Le terme « lavabo » est parfois utilisé au Québec pour désigner un évier[1].
Étymologie
[modifier | modifier le code]Le mot évier vient du mot latin aquarium (aqua = eau) qui signifie réservoir. Le mot va connaître toute une série de mutations phonétiques en passant par aqwaryo, agwaryo, ag waryo, awwaryo, awaryo, awyèro, awyèr(e), avyer pour finir au XIIIe siècle par donner notre « évier » moderne. À cette époque, il désigne, selon le dictionnaire de l'Académie, un « égout pour l'écoulement des eaux usées ».

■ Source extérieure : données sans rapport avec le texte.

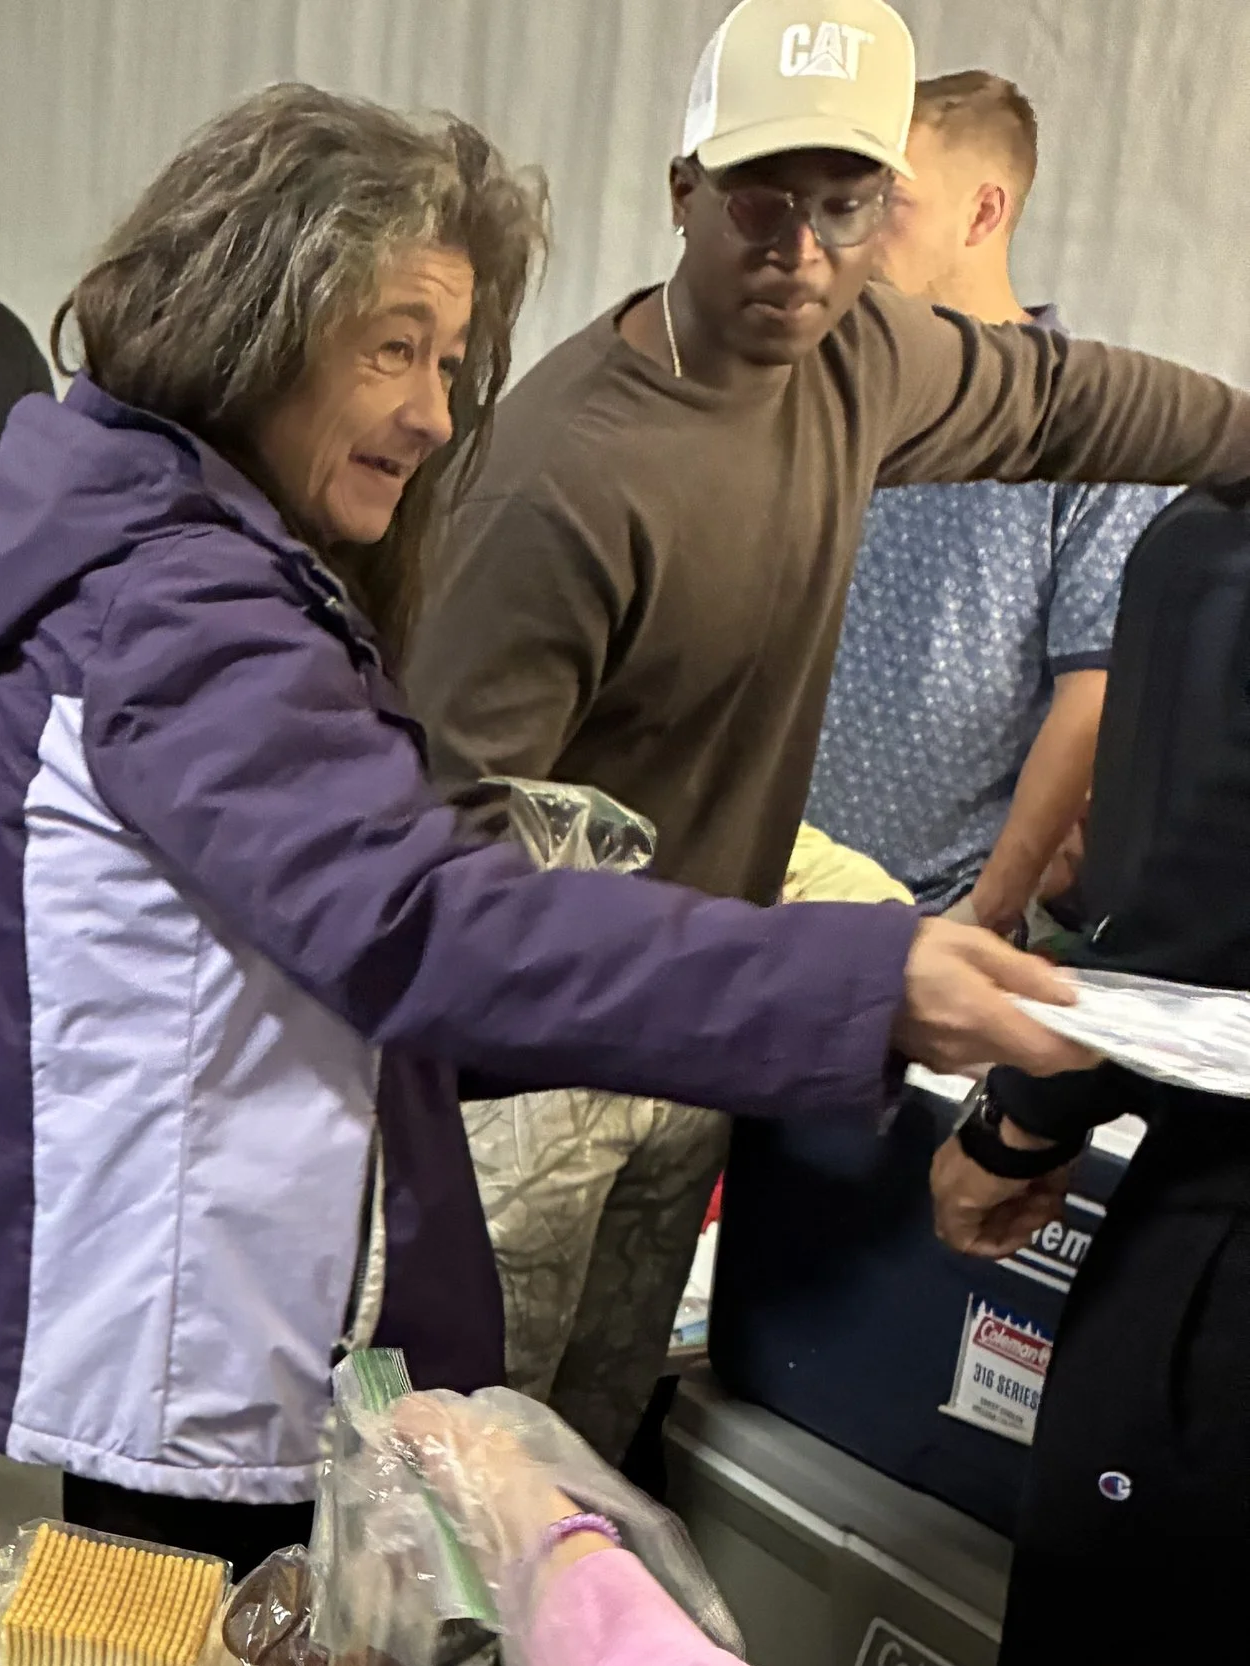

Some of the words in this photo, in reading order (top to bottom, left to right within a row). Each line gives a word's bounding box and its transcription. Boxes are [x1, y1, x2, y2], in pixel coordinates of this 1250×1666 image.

Le mot lavabo, lui, est la première personne du singulier du verbe latin lavare au futur. Dans la liturgie chrétienne, le terme décrit un moment de la messe où le prêtre, justement, se lave les mains. « Lavabo inter innocentes manus meas » (« Je me laverai les mains parmi les innocents »). D'où le mot « lavabo » pour désigner une vasque réservée aux ablutions alors que le mot évier, d'une utilisation originellement plus prosaïque, va être circonscrit au domaine ancillaire.
Histoire
[modifier | modifier le code]Au départ, l'aquarium est creusé dans la pierre et sert à retenir l'eau. Il peut donc servir aussi bien de réservoir que d'abreuvoir ou d'auge.

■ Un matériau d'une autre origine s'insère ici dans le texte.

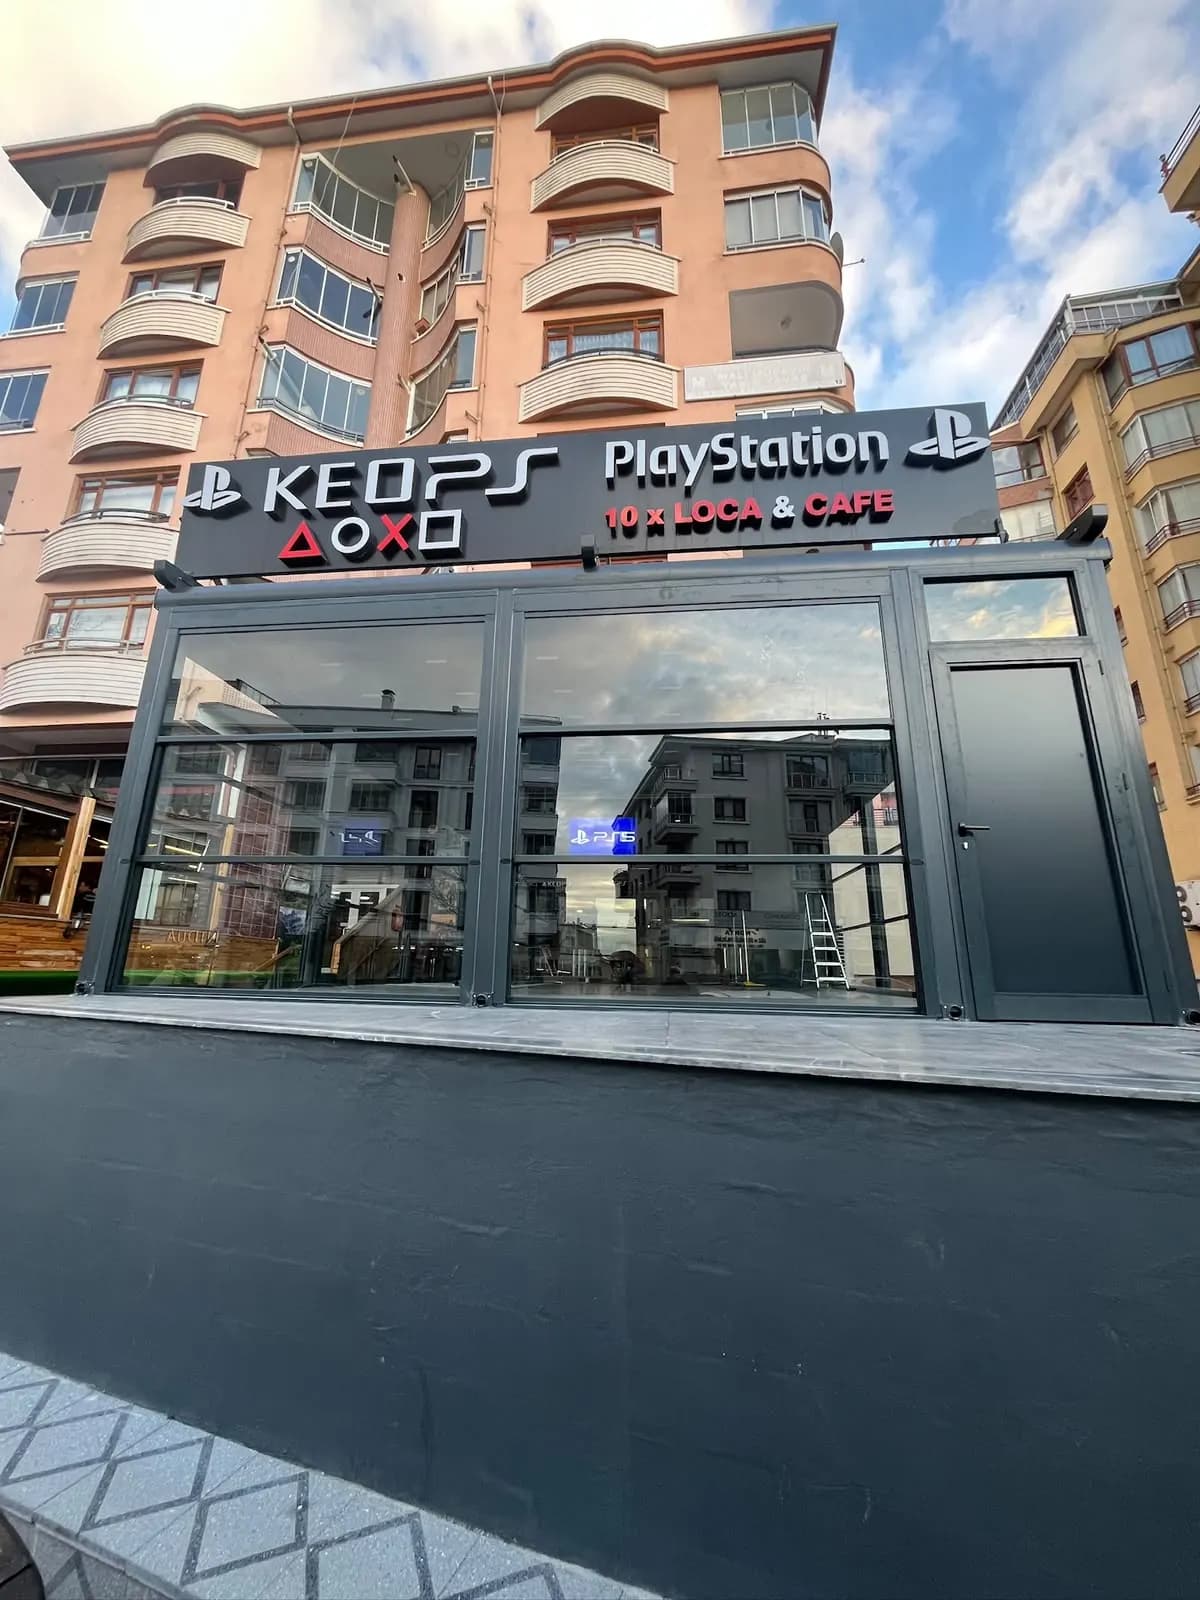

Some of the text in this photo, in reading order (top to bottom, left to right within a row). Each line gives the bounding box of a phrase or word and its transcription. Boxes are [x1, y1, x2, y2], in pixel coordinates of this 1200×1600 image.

[263, 446, 559, 513] KEOPS
[605, 426, 889, 488] PlayStation
[605, 506, 639, 528] 10
[674, 499, 763, 525] LOCA
[772, 495, 795, 519] &
[804, 489, 895, 517] CAFE
[593, 831, 636, 843] PS5

Pour vidanger l'eau, ce que le poids de la pierre rend peu aisé, on creuse une rigole d'évacuation, ou un trou dans le fond de la vasque de pierre, trou qui sera bouché à l'aide d'une bonde que l'on peut facilement ôter et remettre.
Les représentations des cuisines anciennes dans la peinture montrent que l'évier sous forme de vasque n'apparaît que tardivement dans les maisons. La vaisselle se fera longtemps dans un tonneau, un baquet ou un bac. Jusqu'au XVIIIe siècle, le mot « évier », en France, désigne un « canal appropriée à une cuisine, où l'on jette l'eauë des choses lavées, ou autres pour la faire vuider hors[2] », un « conduit par où s'écoulent les eaux, les lavures, & les autres immondices d'une cuisine[3] ». Certaines cuisines sont munies d'une « bassière[4] » en pierre qui sert d'évier[5]. Ce n'est qu'au début du XIXe siècle que le Dictionnaire de l'Académie donne une définition qui se rapproche de celle de l'évier moderne : ÉVIER. s. m. Pierre en forme de table, et légèrement creusée, sur laquelle on lave la vaisselle, et qui a un trou pour l'écoulement des eaux[6]. On l’appelle aussi « pierre d'évier » ou « pierre à laver[7] ».
Dans la Brie, c'est une simple pierre peu profonde, qui sert à poser un seau de bois. On l'appelle le lavier. Le terme levier ou lavier se retrouve également au Canada[8].
Dans les maisons prospères de l'Angleterre victorienne et édouardienne, l'évier se trouve dans une pièce attenante à la cuisine, la scullery. C'est un évier en faïence blanche à une cuve. On distingue à cette époque l'évier de Belfast (avec un trop-plein) et l'évier de Londres (sans trop-plein)[9].
La multiplication des éviers dans les maisons urbaines posera des problèmes de tuyauterie résolus par la fontainerie, qui se développe à partir du début XIXe siècle. Des conduites en plomb[10], étanche et malléable, mais aussi en fer fondu, en cuivre, en terre cuite ou en bois, des tuyaux coudés retournés en collet sur la pierre à laver et joints au mastic[7] permettent l'écoulement des eaux vers l'extérieur, mais aussi acheminent l'eau de la nappe phréatique à la pompe à bras, machine composée de tuyaux cylindriques de bois, de plomb ou de potin, d'un piston et de soupapes, dont on se sert pour puiser l'eau et l'élever. Les pompes aspirantes et foulantes permettent d'élever l'eau où on peut désirer dans les divers étages d'une maison[7].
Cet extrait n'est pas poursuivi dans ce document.